■ **WORK TO COMPLETE**
Quote the records that follow in full and exactly; leave out the pictures.

Records contained in a dataset

====

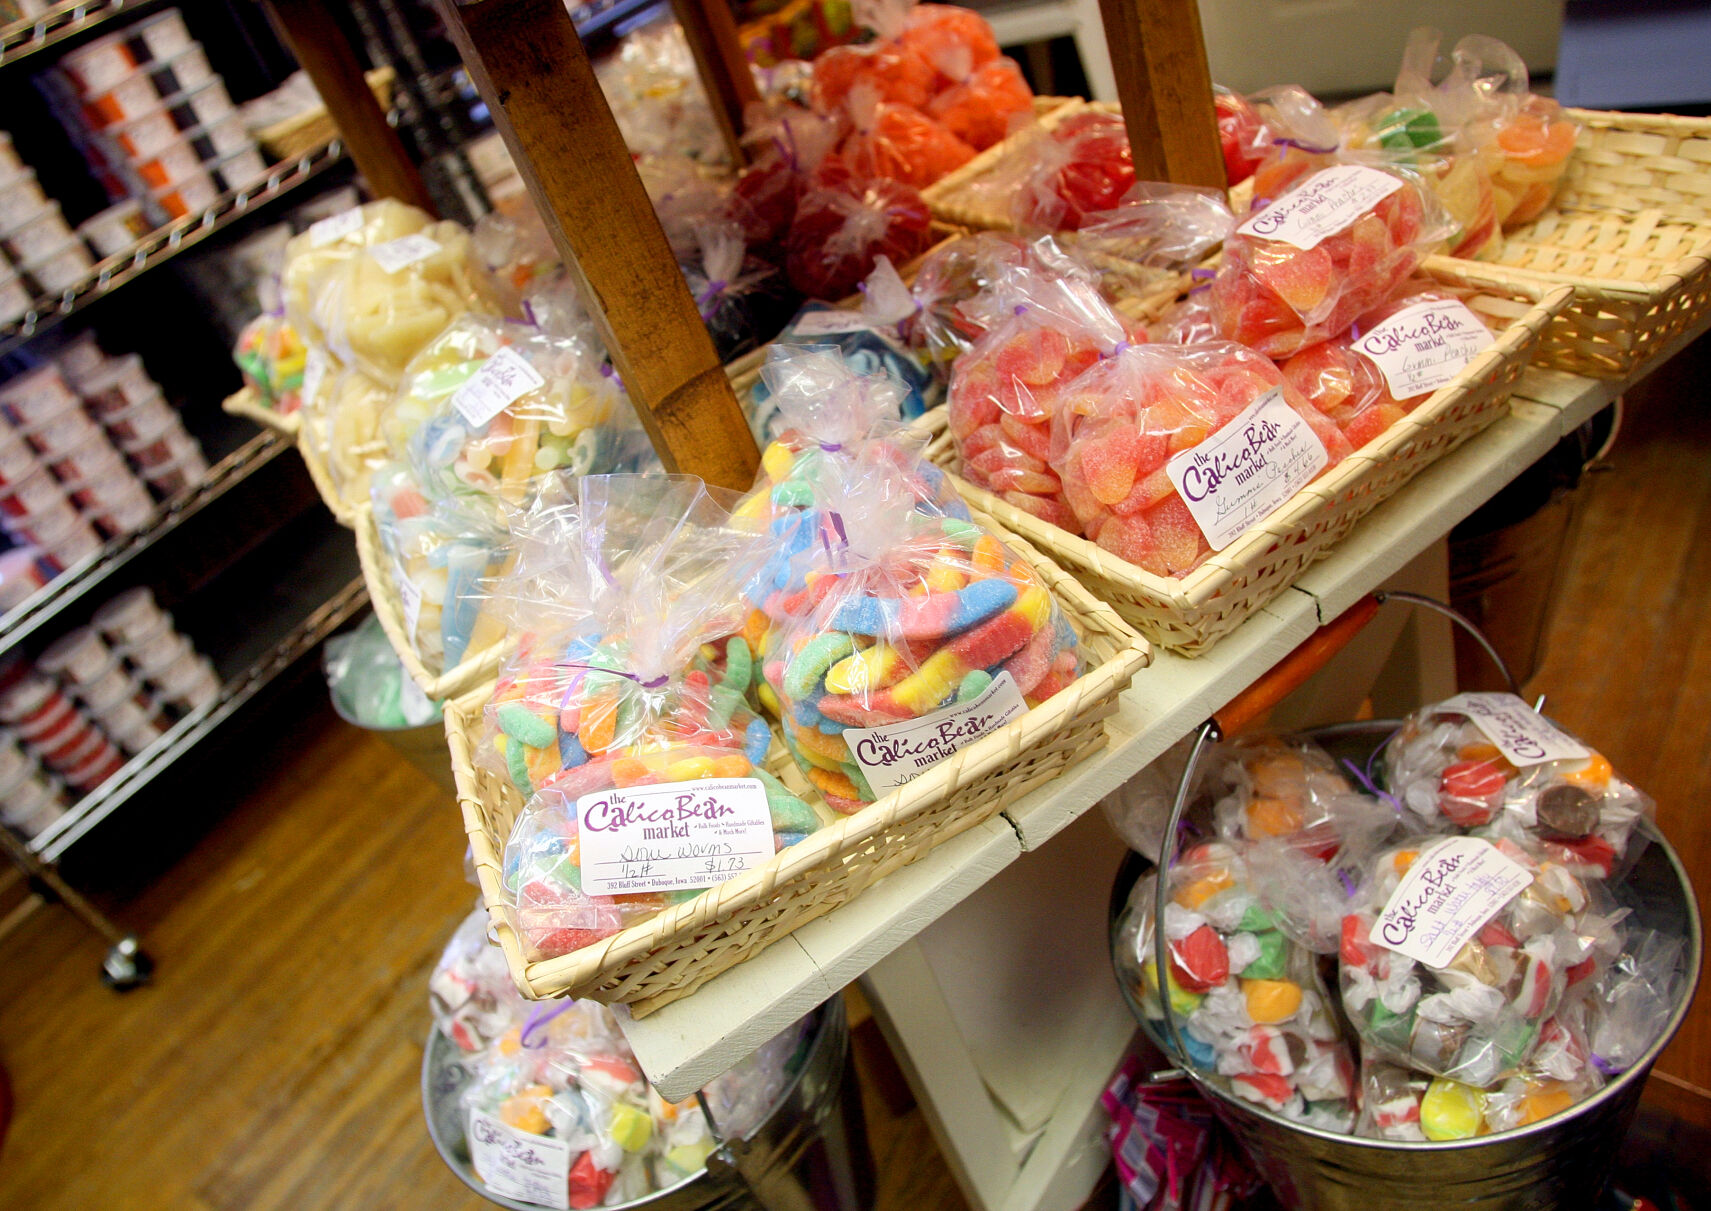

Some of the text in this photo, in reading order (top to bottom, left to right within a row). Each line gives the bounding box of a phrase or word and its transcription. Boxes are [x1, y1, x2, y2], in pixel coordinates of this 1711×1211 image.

[1414, 335, 1447, 352] market
[1193, 452, 1211, 467] the
[1235, 454, 1268, 486] market
[1182, 447, 1250, 502] Calico
[857, 714, 994, 767] Calico Bean
[871, 731, 890, 744] the
[914, 743, 958, 768] market
[609, 793, 627, 805] the
[584, 793, 735, 832] Calico Bean
[643, 820, 691, 840] market
[618, 880, 631, 889] Bluff
[631, 879, 647, 888] Street
[1427, 882, 1457, 915] market
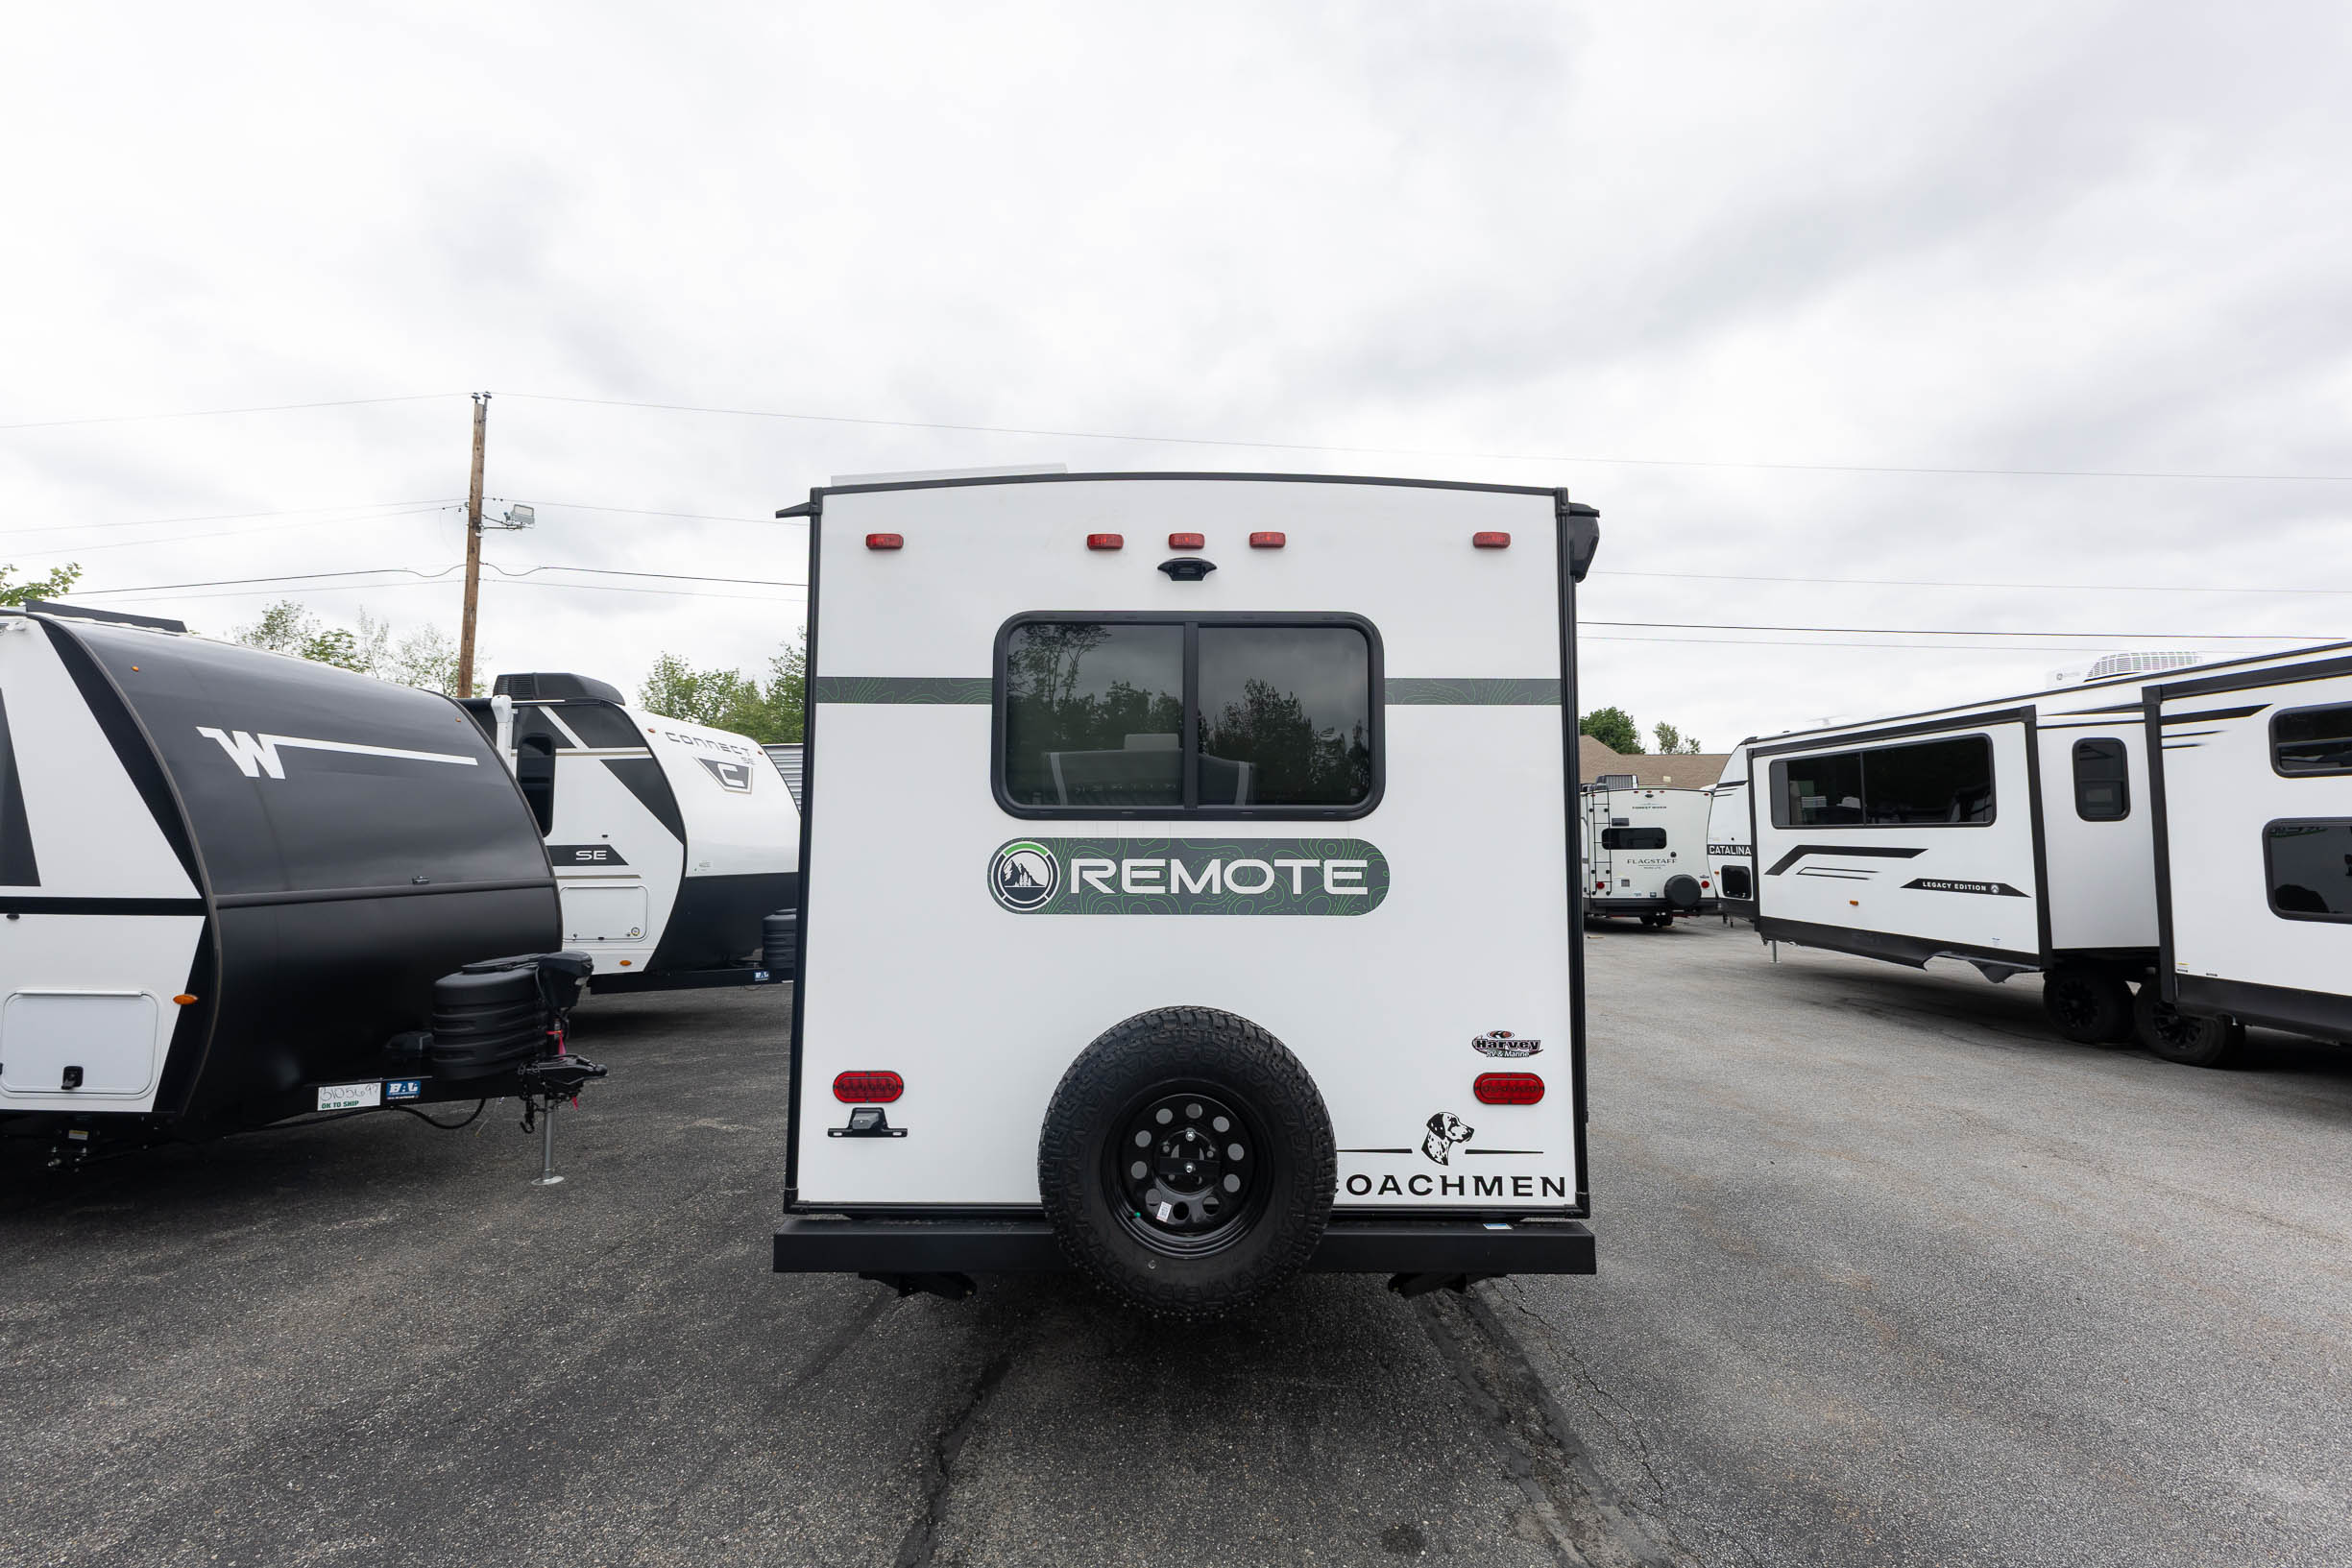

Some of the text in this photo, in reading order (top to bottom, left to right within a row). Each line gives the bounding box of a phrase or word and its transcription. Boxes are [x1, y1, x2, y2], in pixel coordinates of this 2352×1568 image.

====

■ **RESULT OF THIS TASK**
Some of the text in this photo, in reading order (top to bottom, left to right within a row). Each line gives the bounding box of a phrase or word and its transcription. Boxes are [x1, y1, x2, y2], in pixel coordinates of this 1711×1211 image.

[1414, 335, 1447, 352] market
[1193, 452, 1211, 467] the
[1235, 454, 1268, 486] market
[1182, 447, 1250, 502] Calico
[857, 714, 994, 767] Calico Bean
[871, 731, 890, 744] the
[914, 743, 958, 768] market
[609, 793, 627, 805] the
[584, 793, 735, 832] Calico Bean
[643, 820, 691, 840] market
[618, 880, 631, 889] Bluff
[631, 879, 647, 888] Street
[1427, 882, 1457, 915] market

Some of the text in this photo, in reading order (top to bottom, left to right within a row). Each line gives the bounding box of a phrase or word and its transcription. Boxes are [x1, y1, x2, y2], in pixel coordinates of this 2352×1568 image.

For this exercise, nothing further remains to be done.